##### INPUT FOR THIS TASK

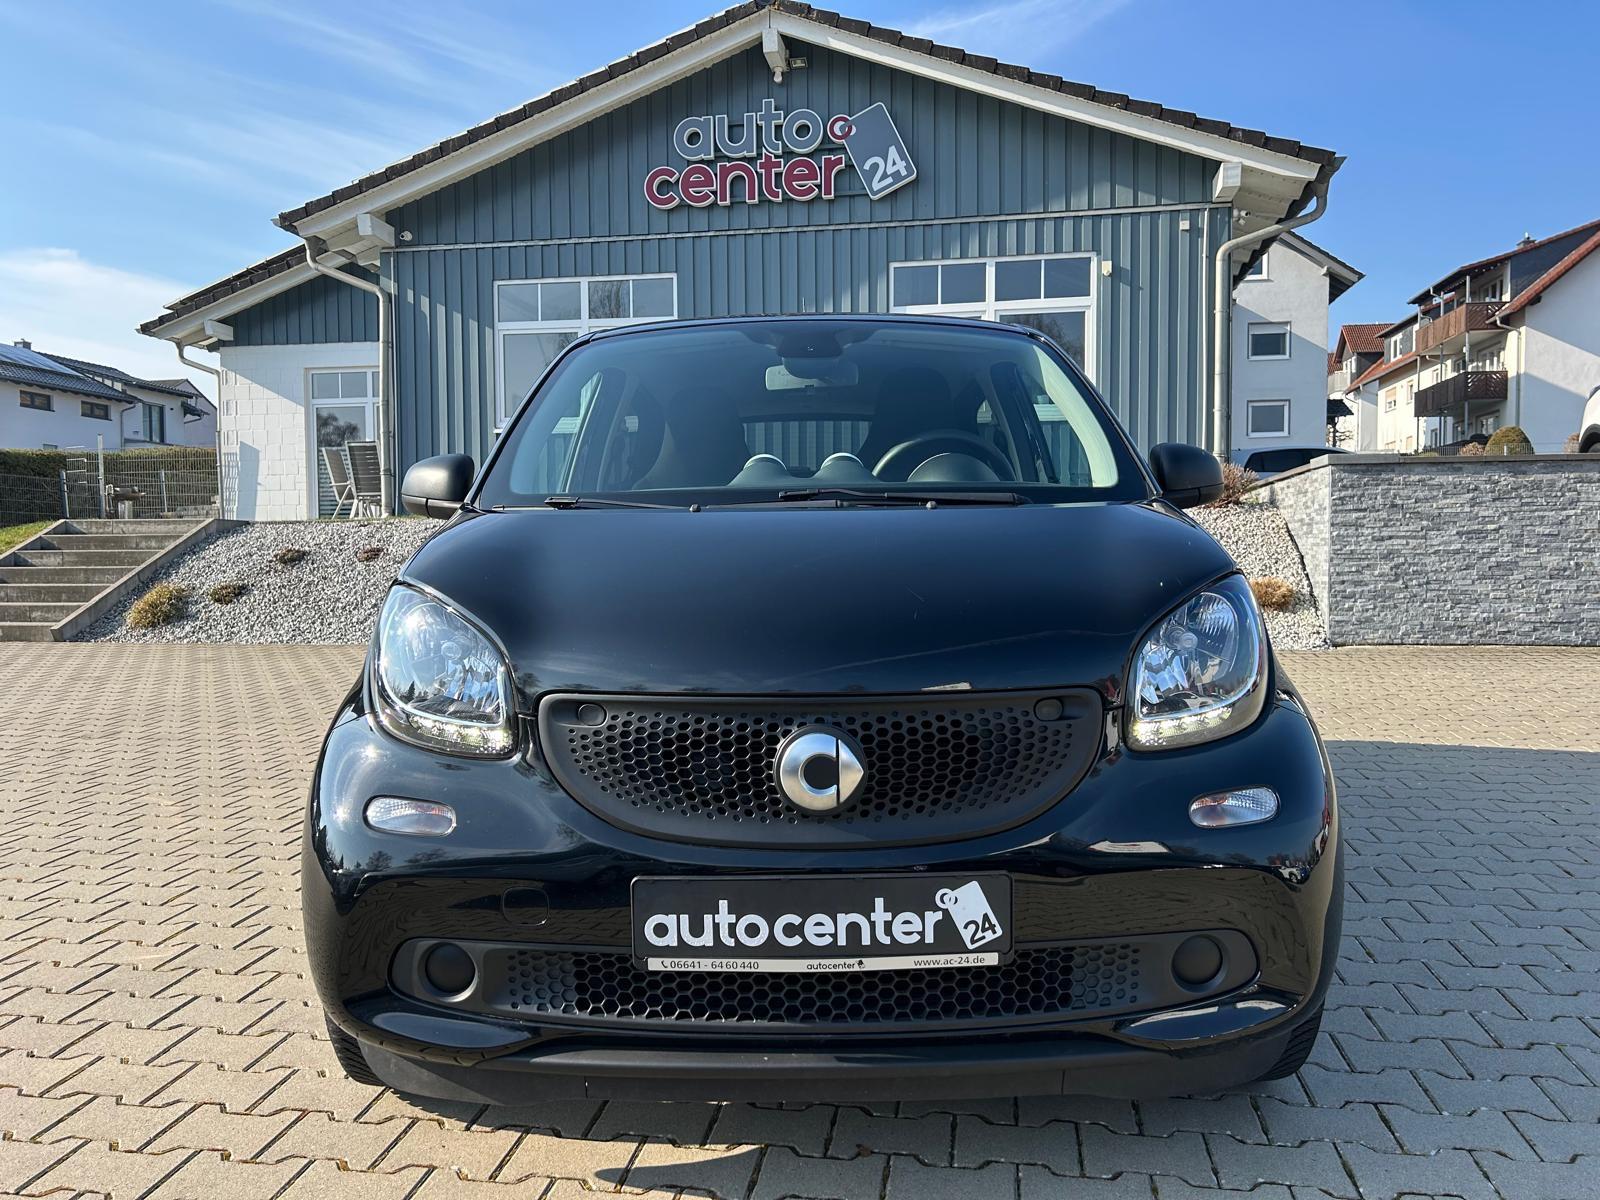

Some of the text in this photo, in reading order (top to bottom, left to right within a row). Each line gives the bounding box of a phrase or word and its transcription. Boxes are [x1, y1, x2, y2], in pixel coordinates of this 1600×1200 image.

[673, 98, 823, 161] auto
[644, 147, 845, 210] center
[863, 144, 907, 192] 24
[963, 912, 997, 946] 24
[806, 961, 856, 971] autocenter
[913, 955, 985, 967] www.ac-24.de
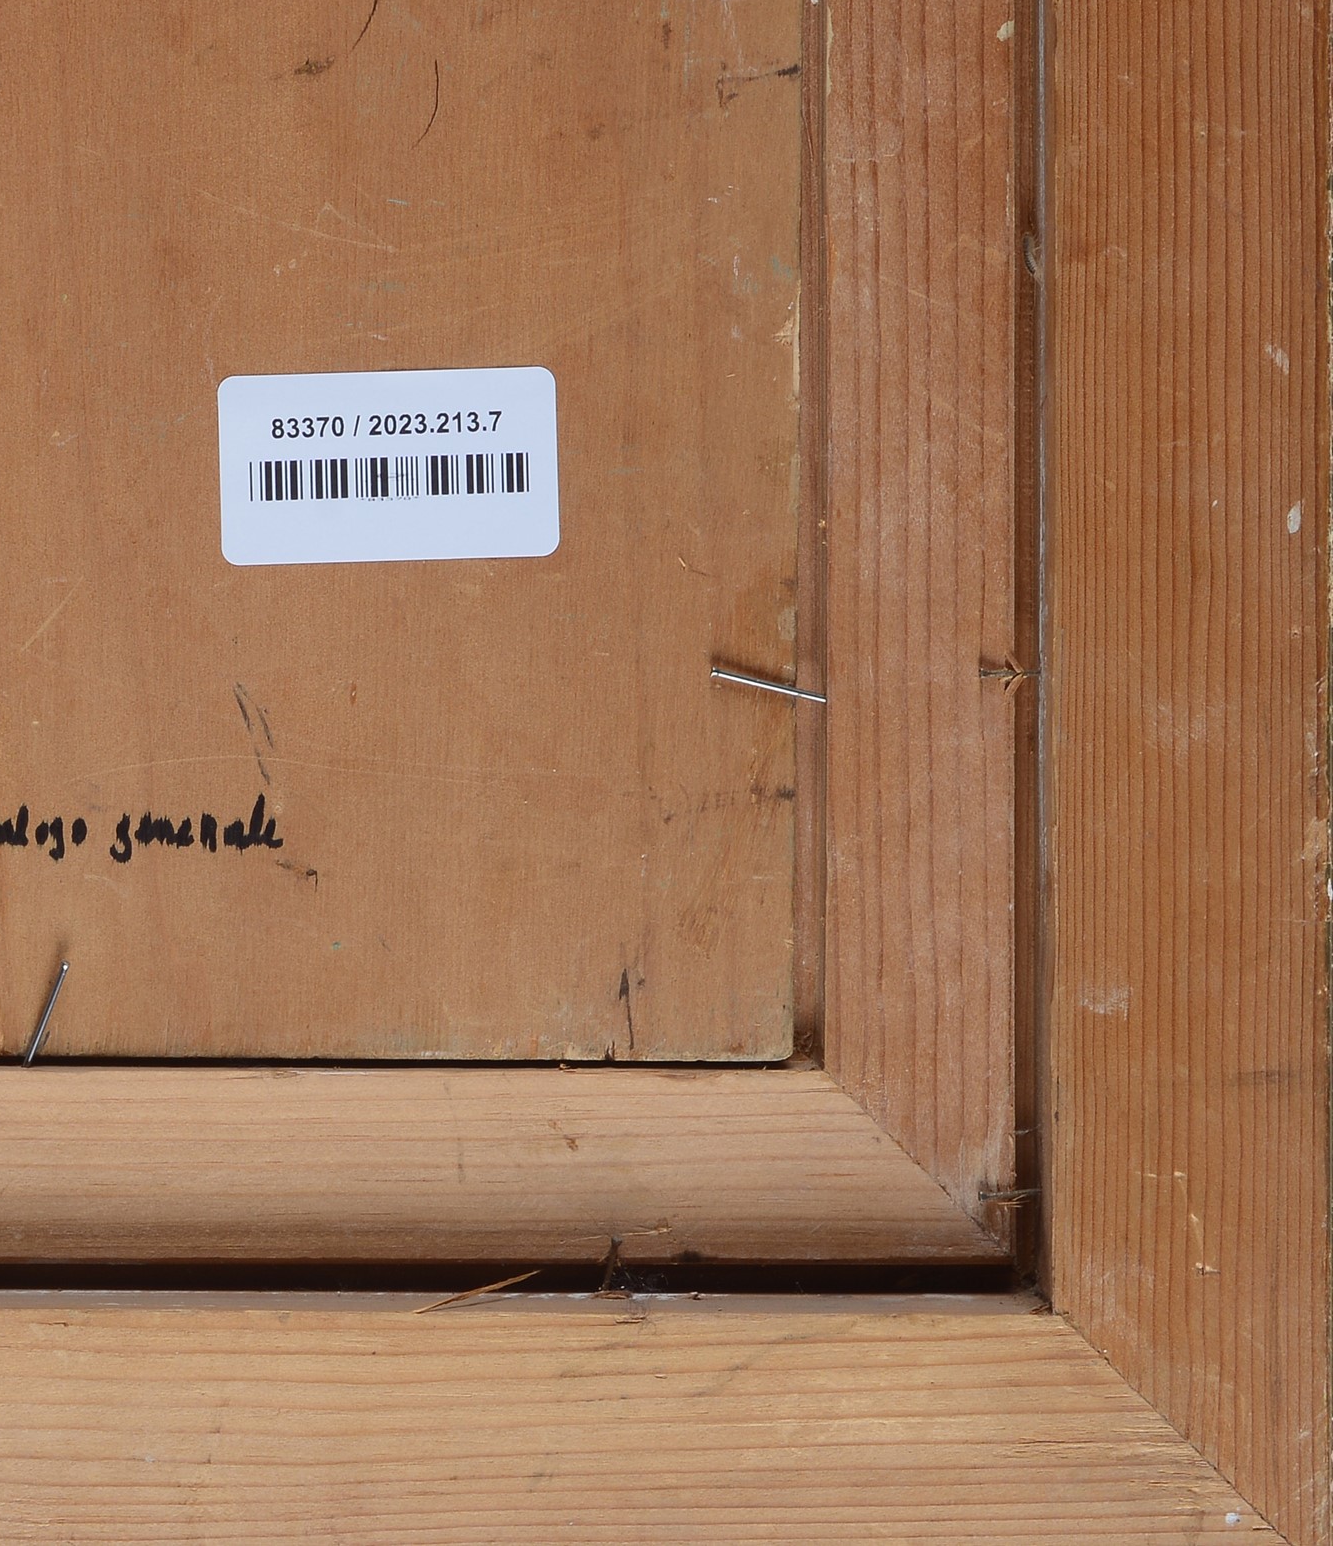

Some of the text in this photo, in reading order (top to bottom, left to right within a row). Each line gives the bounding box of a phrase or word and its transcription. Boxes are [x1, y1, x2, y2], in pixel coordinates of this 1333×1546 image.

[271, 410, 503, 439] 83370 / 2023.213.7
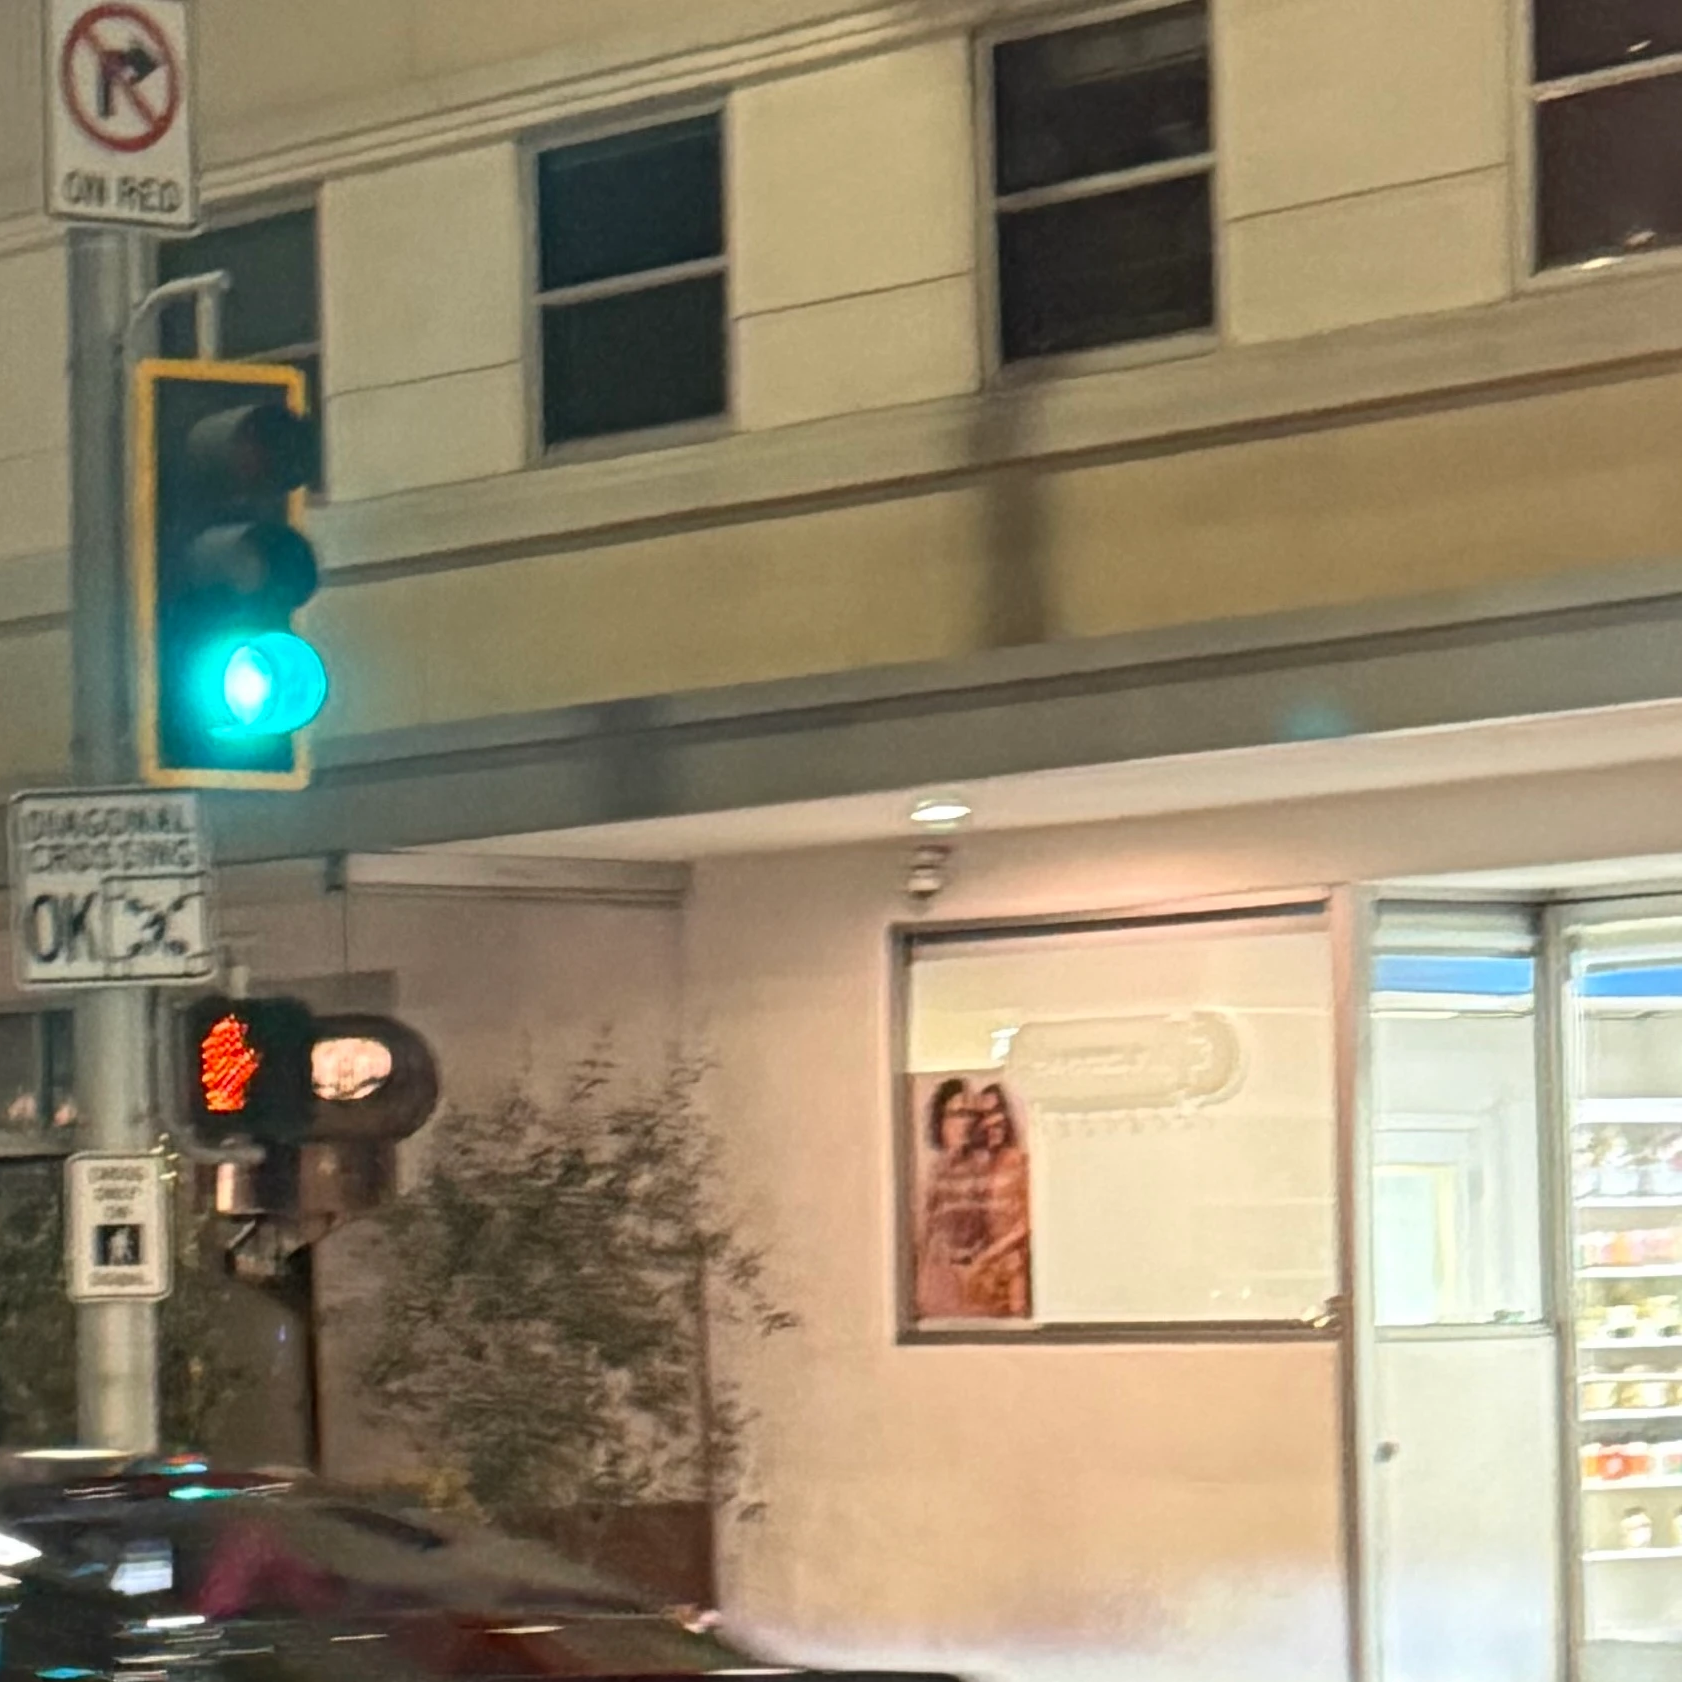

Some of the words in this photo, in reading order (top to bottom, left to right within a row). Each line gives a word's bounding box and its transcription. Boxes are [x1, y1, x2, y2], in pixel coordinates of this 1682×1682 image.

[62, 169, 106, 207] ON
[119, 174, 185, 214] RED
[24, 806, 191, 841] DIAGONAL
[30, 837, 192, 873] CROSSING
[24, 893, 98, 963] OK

##########

**ABOUT THIS EXERCISE**
Each record must be set down again without alteration, and no picture may be carried over.

**RESPONSE TO THIS EXERCISE**
Some of the text in this photo, in reading order (top to bottom, left to right within a row). Each line gives the bounding box of a phrase or word and its transcription. Boxes are [x1, y1, x2, y2], in pixel coordinates of this 1600×1200 image.

[673, 98, 823, 161] auto
[644, 147, 845, 210] center
[863, 144, 907, 192] 24
[963, 912, 997, 946] 24
[806, 961, 856, 971] autocenter
[913, 955, 985, 967] www.ac-24.de

Some of the text in this photo, in reading order (top to bottom, left to right within a row). Each line gives the bounding box of a phrase or word and its transcription. Boxes are [x1, y1, x2, y2], in pixel coordinates of this 1333×1546 image.

[271, 410, 503, 439] 83370 / 2023.213.7

Some of the words in this photo, in reading order (top to bottom, left to right within a row). Each line gives a word's bounding box and its transcription. Boxes are [x1, y1, x2, y2], in pixel coordinates of this 1682×1682 image.

[62, 169, 106, 207] ON
[119, 174, 185, 214] RED
[24, 806, 191, 841] DIAGONAL
[30, 837, 192, 873] CROSSING
[24, 893, 98, 963] OK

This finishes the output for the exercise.